By Holly Black
Jude was seven years old when her parents were murdered and she and her two sisters were stolen away to live in the treacherous High Court of Faerie. Ten years later, Jude wants nothing more than to belong there, despite her mortality. But many of the fey despise humans. Especially Prince Cardan, the youngest and wickedest son of the High King.
To win a place at the Court, she must defy him–and face the consequences.
In doing so, she becomes embroiled in palace intrigues and deceptions, discovering her own capacity for bloodshed. But as civil war threatens to drown the Courts of Faerie in violence, Jude will need to risk her life in a dangerous alliance to save her sisters, and Faerie itself.
I finished this novel about an hour ago, and even though I have about a million other topics I had planned to write about, I cannot hold off on talking about this one for another minute. Because wow. I have not enjoyed a YA novel this much in years–probably since I was in the target audience range. I could not put this book down, and when life forced me to do so, it was all I could think about.
At first glance, The Cruel Prince seems like any other YA fantasy novel. It had been sitting on my To-Read shelf for years, and though I have always loved Holly Black’s novels, I felt like “girl ends up in Faerieland with an arrogant, handsome prince” wasn’t unique enough to warrant almost 400 pages worth of reading time. I was completely off base. Beneath the cliched synopsis and flashy cover is a fantastic novel with depth, emotion, mystery, and genuine excitement.
The first thing that caught me off guard about this novel was Jude’s relationship with Cardan. I went in expecting him to smolder at her (possibly menacingly) from shadows, to exhibit moderately unkind behaviors that are later explained to be a misunderstanding, and declare his undying love for her at about two-thirds of the way through the novel. What I got instead was a genuinely disturbing depiction of bullying with a magical twist. When we first see Jude at her lessons, we discover that Cardan and his friends have made life a living hell for the mortal girl. You can’t help but empathize with Jude as the faeries repeatedly subjugate and humiliate her, and you find yourself hating the faeries as much as she does.

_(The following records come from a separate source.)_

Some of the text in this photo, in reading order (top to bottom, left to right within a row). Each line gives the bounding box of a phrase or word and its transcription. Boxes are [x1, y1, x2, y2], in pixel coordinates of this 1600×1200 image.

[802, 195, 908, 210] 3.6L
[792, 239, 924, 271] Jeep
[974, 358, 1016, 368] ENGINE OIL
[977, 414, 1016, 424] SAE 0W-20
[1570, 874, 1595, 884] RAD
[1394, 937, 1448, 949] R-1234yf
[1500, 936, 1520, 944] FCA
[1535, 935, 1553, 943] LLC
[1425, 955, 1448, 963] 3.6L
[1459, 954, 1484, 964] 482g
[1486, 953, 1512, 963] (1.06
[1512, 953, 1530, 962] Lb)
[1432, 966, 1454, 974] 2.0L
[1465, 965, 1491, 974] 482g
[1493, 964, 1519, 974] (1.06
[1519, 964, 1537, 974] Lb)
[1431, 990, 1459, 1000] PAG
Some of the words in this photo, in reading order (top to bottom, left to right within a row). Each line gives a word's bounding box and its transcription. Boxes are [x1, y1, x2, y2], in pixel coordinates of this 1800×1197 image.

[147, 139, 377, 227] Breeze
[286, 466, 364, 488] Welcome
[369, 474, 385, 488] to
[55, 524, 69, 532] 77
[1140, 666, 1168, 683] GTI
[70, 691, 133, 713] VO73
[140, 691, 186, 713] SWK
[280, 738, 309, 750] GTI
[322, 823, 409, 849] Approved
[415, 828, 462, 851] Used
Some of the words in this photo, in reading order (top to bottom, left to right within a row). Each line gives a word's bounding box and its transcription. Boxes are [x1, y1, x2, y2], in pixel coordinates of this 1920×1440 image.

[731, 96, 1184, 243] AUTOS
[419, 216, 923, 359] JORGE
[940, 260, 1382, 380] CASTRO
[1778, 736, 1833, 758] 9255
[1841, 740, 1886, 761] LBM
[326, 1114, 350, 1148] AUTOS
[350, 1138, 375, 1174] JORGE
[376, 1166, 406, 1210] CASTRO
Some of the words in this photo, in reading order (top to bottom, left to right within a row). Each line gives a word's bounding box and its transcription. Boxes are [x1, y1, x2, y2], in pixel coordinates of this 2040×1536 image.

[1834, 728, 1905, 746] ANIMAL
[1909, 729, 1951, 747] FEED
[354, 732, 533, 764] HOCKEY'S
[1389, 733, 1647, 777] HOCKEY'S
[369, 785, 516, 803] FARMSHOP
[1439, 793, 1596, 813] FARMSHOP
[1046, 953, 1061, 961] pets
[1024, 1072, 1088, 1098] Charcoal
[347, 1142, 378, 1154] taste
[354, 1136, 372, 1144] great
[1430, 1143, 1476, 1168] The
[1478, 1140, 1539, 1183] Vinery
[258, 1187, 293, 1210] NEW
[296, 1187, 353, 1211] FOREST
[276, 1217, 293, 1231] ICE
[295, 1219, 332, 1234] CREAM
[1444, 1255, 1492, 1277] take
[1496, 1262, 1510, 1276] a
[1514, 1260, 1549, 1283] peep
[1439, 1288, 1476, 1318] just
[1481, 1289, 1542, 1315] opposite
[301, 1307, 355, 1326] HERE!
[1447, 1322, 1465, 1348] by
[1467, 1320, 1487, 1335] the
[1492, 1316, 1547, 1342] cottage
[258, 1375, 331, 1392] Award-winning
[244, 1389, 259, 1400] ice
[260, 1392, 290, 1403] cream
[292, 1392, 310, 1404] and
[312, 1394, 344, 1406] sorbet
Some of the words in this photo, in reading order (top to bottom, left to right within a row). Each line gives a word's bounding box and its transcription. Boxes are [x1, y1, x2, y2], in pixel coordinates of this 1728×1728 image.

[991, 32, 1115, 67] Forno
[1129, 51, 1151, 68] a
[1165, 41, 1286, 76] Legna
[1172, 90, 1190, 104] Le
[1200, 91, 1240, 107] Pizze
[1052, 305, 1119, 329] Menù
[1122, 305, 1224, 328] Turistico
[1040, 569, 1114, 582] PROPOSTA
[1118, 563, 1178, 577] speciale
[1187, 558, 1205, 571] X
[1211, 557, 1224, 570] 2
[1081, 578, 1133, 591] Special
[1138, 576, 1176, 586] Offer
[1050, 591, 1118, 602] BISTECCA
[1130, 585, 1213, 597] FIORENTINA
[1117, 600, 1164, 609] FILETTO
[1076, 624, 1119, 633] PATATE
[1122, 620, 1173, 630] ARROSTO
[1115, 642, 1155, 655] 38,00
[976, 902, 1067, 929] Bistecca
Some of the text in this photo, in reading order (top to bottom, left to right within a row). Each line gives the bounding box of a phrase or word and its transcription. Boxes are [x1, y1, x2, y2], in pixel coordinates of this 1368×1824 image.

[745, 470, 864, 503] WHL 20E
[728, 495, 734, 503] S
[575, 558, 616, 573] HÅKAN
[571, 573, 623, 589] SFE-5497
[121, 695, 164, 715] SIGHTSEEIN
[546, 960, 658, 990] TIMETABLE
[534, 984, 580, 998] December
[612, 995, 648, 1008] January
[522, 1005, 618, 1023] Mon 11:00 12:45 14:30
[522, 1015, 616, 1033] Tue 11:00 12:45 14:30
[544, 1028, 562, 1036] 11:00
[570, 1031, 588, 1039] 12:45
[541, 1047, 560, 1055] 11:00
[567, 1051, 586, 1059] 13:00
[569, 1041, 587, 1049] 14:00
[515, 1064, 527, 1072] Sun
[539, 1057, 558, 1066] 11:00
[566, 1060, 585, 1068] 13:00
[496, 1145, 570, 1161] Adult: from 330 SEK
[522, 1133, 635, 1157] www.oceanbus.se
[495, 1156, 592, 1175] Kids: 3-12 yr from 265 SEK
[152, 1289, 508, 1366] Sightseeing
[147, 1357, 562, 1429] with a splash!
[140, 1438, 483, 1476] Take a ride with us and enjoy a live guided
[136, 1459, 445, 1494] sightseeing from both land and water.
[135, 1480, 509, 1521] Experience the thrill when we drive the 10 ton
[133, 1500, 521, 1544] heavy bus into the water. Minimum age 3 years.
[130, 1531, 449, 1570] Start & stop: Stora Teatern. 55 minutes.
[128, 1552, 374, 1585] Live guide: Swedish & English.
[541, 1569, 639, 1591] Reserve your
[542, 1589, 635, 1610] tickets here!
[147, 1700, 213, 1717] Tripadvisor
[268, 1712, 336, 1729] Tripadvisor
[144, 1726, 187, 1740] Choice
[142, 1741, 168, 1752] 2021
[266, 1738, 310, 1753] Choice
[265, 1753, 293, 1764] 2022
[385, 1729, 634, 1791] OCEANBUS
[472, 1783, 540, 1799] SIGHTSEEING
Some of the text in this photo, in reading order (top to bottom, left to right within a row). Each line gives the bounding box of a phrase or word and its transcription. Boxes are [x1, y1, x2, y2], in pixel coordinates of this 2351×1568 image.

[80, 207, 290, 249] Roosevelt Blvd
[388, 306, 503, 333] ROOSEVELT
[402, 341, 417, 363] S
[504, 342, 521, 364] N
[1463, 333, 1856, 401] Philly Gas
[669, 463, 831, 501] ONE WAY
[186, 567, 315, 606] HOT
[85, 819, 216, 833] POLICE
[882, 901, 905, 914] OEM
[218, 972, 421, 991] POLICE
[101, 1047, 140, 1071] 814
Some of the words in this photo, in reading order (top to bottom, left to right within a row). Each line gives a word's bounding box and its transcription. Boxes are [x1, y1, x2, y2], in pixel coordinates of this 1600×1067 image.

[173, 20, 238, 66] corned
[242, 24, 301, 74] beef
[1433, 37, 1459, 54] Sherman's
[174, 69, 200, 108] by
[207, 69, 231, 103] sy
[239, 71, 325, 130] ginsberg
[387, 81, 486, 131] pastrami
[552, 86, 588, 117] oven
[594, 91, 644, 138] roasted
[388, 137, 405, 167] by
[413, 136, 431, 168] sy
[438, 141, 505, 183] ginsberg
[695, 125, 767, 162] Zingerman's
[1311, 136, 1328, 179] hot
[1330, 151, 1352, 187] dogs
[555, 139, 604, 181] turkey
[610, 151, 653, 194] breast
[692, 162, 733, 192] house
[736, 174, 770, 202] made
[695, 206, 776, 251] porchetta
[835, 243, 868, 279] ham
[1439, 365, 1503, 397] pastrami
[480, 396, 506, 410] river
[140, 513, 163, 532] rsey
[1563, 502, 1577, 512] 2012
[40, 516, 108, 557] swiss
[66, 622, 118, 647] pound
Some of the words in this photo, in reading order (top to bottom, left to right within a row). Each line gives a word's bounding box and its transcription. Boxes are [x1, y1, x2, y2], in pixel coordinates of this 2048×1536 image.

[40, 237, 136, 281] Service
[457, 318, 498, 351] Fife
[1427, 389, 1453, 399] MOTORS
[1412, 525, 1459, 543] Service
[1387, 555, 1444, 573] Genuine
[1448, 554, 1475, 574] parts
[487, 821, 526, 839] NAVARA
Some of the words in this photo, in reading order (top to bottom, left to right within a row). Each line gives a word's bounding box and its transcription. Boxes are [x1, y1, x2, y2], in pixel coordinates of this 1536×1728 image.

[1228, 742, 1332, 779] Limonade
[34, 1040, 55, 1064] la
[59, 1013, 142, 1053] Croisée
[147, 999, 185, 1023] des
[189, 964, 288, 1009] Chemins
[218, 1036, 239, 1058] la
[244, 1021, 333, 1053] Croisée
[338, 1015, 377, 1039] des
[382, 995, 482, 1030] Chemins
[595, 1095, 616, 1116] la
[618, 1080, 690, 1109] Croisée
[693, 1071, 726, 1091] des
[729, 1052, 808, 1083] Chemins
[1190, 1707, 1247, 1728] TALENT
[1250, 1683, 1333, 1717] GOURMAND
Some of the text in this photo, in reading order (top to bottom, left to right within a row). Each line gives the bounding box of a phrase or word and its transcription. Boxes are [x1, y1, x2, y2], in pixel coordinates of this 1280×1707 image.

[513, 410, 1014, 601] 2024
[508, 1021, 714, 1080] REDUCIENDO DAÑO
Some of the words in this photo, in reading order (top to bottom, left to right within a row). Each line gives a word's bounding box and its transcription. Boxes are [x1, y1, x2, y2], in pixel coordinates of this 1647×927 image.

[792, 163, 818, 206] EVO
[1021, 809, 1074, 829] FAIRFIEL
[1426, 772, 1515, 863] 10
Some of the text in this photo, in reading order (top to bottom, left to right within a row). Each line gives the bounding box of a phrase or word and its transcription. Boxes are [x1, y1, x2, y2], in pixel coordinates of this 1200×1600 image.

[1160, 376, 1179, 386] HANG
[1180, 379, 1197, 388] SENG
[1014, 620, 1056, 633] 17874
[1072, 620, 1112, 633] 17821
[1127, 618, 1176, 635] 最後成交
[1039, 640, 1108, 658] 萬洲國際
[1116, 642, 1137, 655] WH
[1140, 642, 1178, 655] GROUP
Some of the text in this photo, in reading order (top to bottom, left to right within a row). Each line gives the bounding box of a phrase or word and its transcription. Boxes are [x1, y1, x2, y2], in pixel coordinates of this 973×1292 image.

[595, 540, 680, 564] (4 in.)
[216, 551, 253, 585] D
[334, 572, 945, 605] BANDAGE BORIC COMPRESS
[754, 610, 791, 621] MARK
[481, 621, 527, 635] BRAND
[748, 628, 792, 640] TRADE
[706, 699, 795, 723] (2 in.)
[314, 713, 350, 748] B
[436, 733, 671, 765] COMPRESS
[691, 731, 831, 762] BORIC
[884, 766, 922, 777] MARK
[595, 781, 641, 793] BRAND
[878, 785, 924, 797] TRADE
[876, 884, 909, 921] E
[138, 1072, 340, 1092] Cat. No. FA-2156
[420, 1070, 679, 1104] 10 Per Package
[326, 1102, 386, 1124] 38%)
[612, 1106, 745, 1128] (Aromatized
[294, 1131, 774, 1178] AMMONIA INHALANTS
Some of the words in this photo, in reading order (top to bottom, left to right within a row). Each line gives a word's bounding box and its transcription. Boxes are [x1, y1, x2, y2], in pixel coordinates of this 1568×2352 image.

Jude’s relatability is one of the reasons why she is one of my favorite YA heroines ever. She is a real girl, with flaws and fears. She genuinely bungles a few situations in the novel and doesn’t magically walk away from every situation unscathed. Her growth and struggles throughout the novel set her apart as a YA character that feels authentic.
I also can not say enough about how much this novel surprised me. I’ll be honest, I’m an extremely jaded reader, especially about YA novels. Having read way more than my fair share of YA fantasy growing up, it’s been a long time since I’ve been genuinely unsure what would happen in one of these novels. The Cruel Price had a few moments that totally blindsided me, and I absolutely loved it.
One last thing that I loved about the novel was Faerieland itself. Holly Black has created a fully fleshed-out world with gorgeous descriptions, and recurring characters. Having previously read many of her novels, I always enjoy when she includes references or characters from her other novels, and The Cruel Prince is no exception. I loved reading about familiar places and people, and I was completely swept up in the descriptions of the revels, clothing, and locations in this novel.
If YA fantasy is your thing and you’re part of the 1% haven’t read The Cruel Prince yet, I highly advise you to check it out. It’s fun, fast-paced, and reminds me of everything I enjoy about YA literature. Now, if you’ll excuse me, I’m about to go tear through the sequel, The Wicked King.